### What the task asks
Copy each entry precisely as written, and do not carry over the pictures.

((

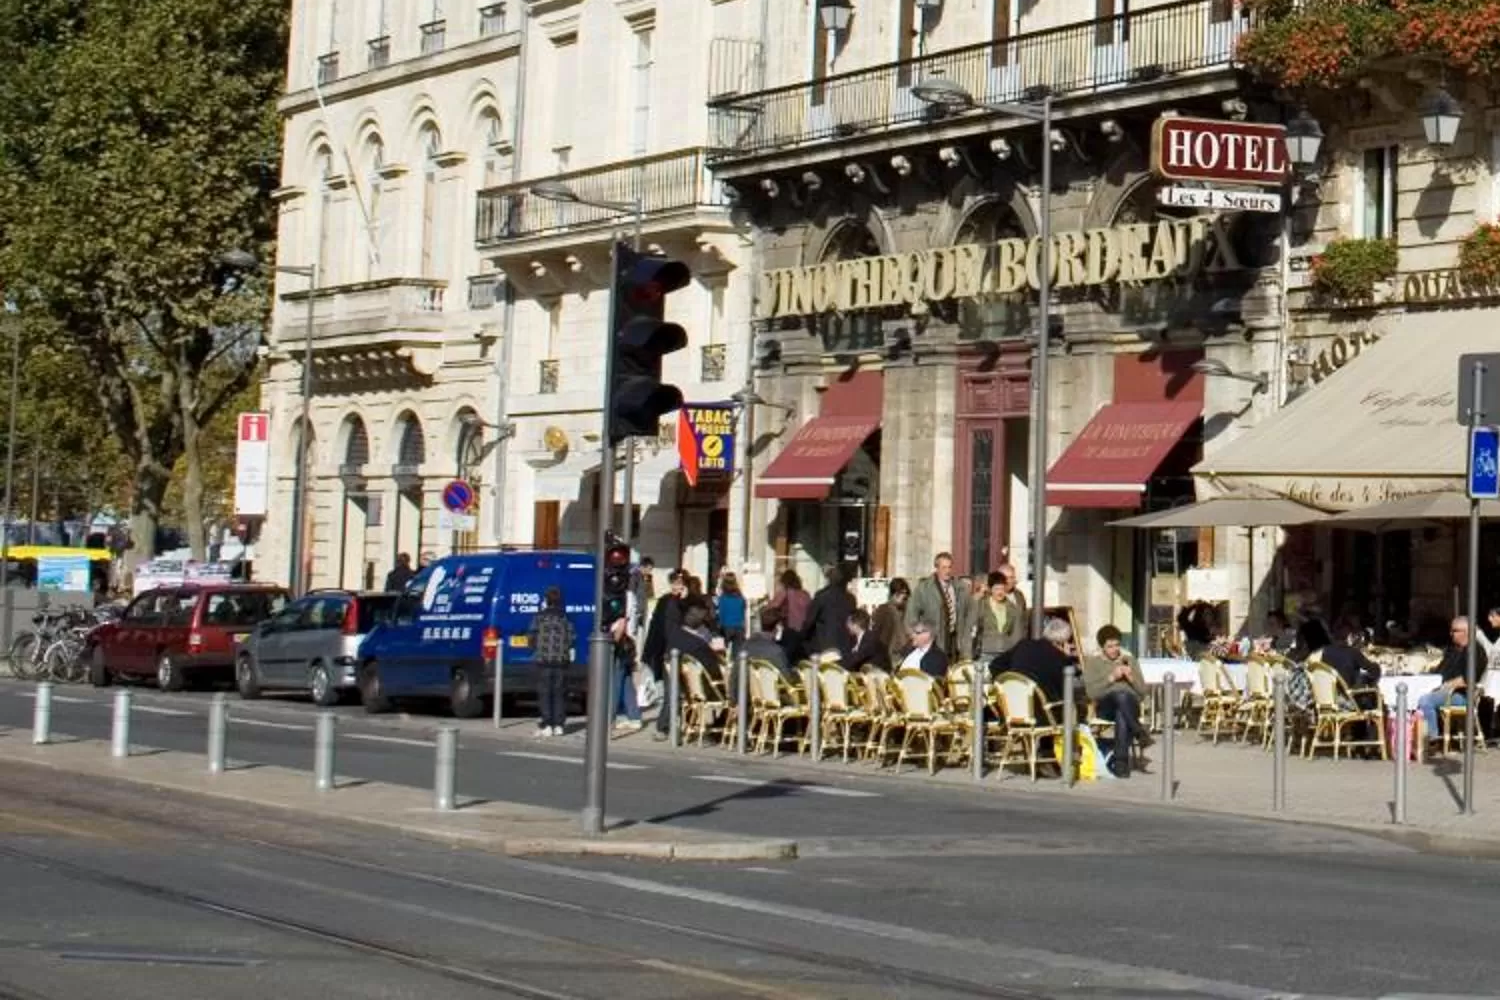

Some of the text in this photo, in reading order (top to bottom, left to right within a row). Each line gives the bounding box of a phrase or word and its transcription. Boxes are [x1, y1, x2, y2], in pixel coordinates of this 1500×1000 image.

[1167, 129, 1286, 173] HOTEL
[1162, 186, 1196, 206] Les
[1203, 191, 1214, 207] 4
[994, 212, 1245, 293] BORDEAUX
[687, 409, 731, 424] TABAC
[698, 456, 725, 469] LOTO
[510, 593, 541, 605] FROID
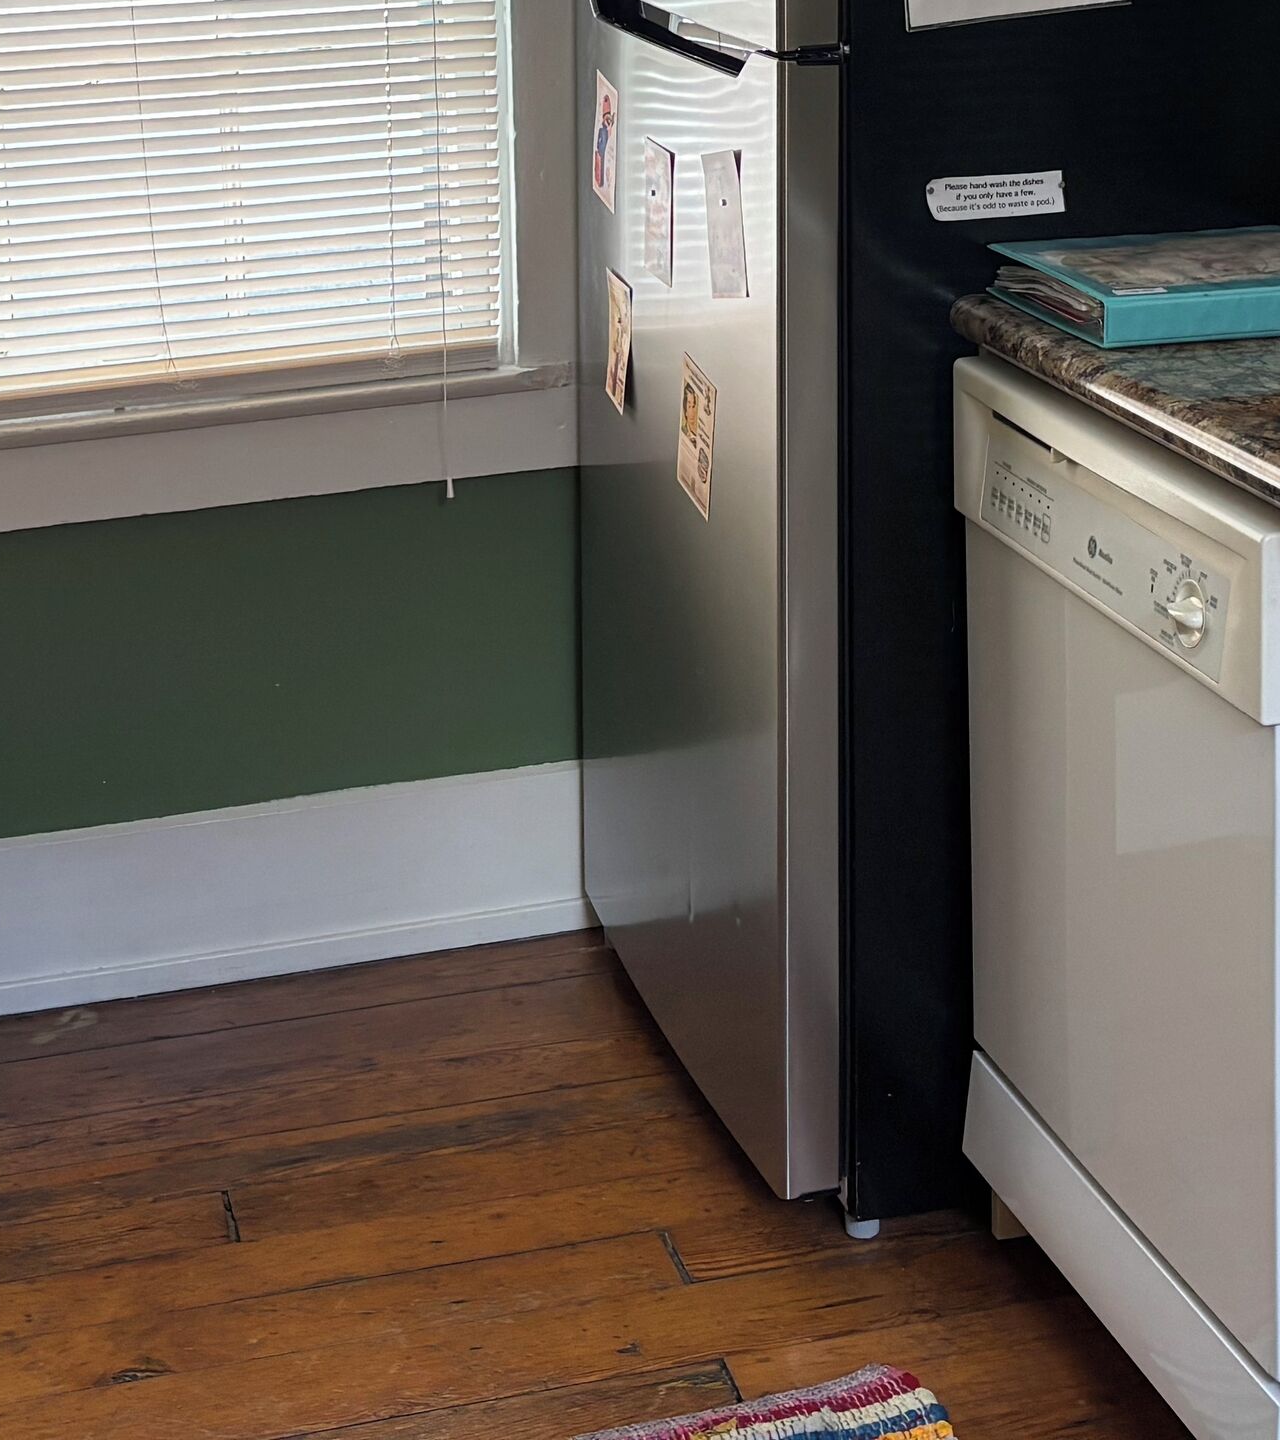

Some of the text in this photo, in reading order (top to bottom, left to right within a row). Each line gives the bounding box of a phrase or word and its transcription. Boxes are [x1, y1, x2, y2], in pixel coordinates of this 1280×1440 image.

))

### Task response
Some of the text in this photo, in reading order (top to bottom, left to right within a row). Each line gives the bounding box of a phrase or word and its transcription. Boxes are [x1, y1, x2, y2], in pixel coordinates of this 1500×1000 image.

[1167, 129, 1286, 173] HOTEL
[1162, 186, 1196, 206] Les
[1203, 191, 1214, 207] 4
[994, 212, 1245, 293] BORDEAUX
[687, 409, 731, 424] TABAC
[698, 456, 725, 469] LOTO
[510, 593, 541, 605] FROID

Some of the text in this photo, in reading order (top to bottom, left to right within a row). Each line gives the bounding box of a phrase or word and its transcription. Boxes are [x1, y1, x2, y2], in pixel coordinates of this 1280×1440 image.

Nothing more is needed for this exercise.